▶ [Dataset]
- - - - - - -

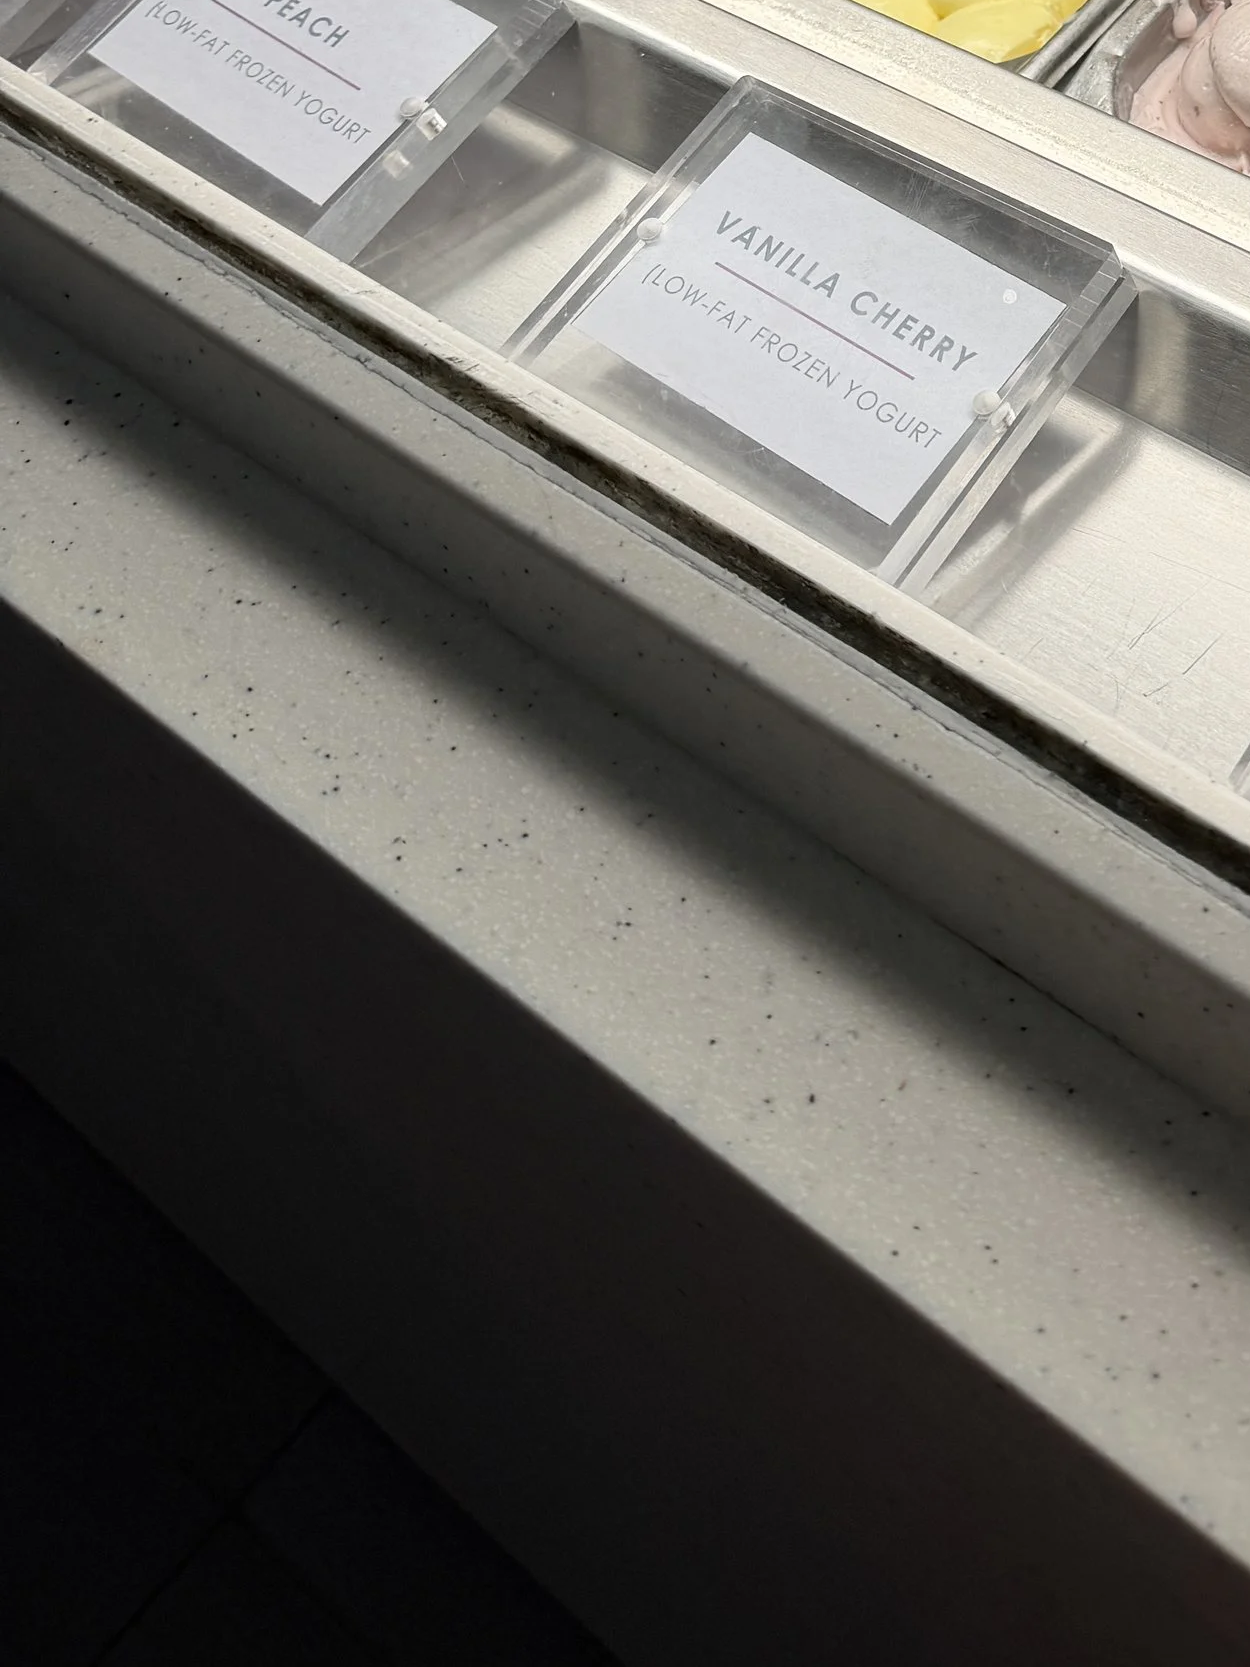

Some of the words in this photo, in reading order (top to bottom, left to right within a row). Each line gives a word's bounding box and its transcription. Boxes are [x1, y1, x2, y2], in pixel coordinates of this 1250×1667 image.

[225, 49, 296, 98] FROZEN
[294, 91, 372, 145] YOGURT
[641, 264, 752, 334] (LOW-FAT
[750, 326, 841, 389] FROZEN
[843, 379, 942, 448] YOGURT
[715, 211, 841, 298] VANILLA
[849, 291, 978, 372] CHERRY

- - - - - - -

▶ [Action item]
With the pictures set aside, return each line of the listing exactly as given.

▶ [Your solution]
Some of the words in this photo, in reading order (top to bottom, left to right within a row). Each line gives a word's bounding box and its transcription. Boxes are [x1, y1, x2, y2], in pixel coordinates of this 1250×1667 image.

[225, 49, 296, 98] FROZEN
[294, 91, 372, 145] YOGURT
[641, 264, 752, 334] (LOW-FAT
[750, 326, 841, 389] FROZEN
[843, 379, 942, 448] YOGURT
[715, 211, 841, 298] VANILLA
[849, 291, 978, 372] CHERRY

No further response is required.